Give back all the records exactly, keeping every line whole.

Data extracted from a collection.

::::

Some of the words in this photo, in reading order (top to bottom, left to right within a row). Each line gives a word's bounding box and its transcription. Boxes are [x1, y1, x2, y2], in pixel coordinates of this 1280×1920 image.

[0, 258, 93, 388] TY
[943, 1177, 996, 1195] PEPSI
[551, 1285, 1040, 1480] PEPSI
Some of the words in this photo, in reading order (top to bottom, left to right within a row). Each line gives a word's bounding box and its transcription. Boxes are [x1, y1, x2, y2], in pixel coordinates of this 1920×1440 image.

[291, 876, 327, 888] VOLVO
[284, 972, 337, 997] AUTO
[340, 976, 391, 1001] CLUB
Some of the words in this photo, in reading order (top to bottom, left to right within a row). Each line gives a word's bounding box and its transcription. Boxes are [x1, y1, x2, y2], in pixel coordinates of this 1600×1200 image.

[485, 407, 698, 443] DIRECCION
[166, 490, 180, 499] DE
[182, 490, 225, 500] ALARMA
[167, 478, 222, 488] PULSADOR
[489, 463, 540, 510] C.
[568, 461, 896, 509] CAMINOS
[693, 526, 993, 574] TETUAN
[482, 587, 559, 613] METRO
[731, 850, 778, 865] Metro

::::

Completed task.
Some of the words in this photo, in reading order (top to bottom, left to right within a row). Each line gives a word's bounding box and its transcription. Boxes are [x1, y1, x2, y2], in pixel coordinates of this 1280×1920 image.

[0, 258, 93, 388] TY
[943, 1177, 996, 1195] PEPSI
[551, 1285, 1040, 1480] PEPSI
Some of the words in this photo, in reading order (top to bottom, left to right within a row). Each line gives a word's bounding box and its transcription. Boxes are [x1, y1, x2, y2], in pixel coordinates of this 1920×1440 image.

[291, 876, 327, 888] VOLVO
[284, 972, 337, 997] AUTO
[340, 976, 391, 1001] CLUB
Some of the words in this photo, in reading order (top to bottom, left to right within a row). Each line gives a word's bounding box and its transcription. Boxes are [x1, y1, x2, y2], in pixel coordinates of this 1600×1200 image.

[485, 407, 698, 443] DIRECCION
[166, 490, 180, 499] DE
[182, 490, 225, 500] ALARMA
[167, 478, 222, 488] PULSADOR
[489, 463, 540, 510] C.
[568, 461, 896, 509] CAMINOS
[693, 526, 993, 574] TETUAN
[482, 587, 559, 613] METRO
[731, 850, 778, 865] Metro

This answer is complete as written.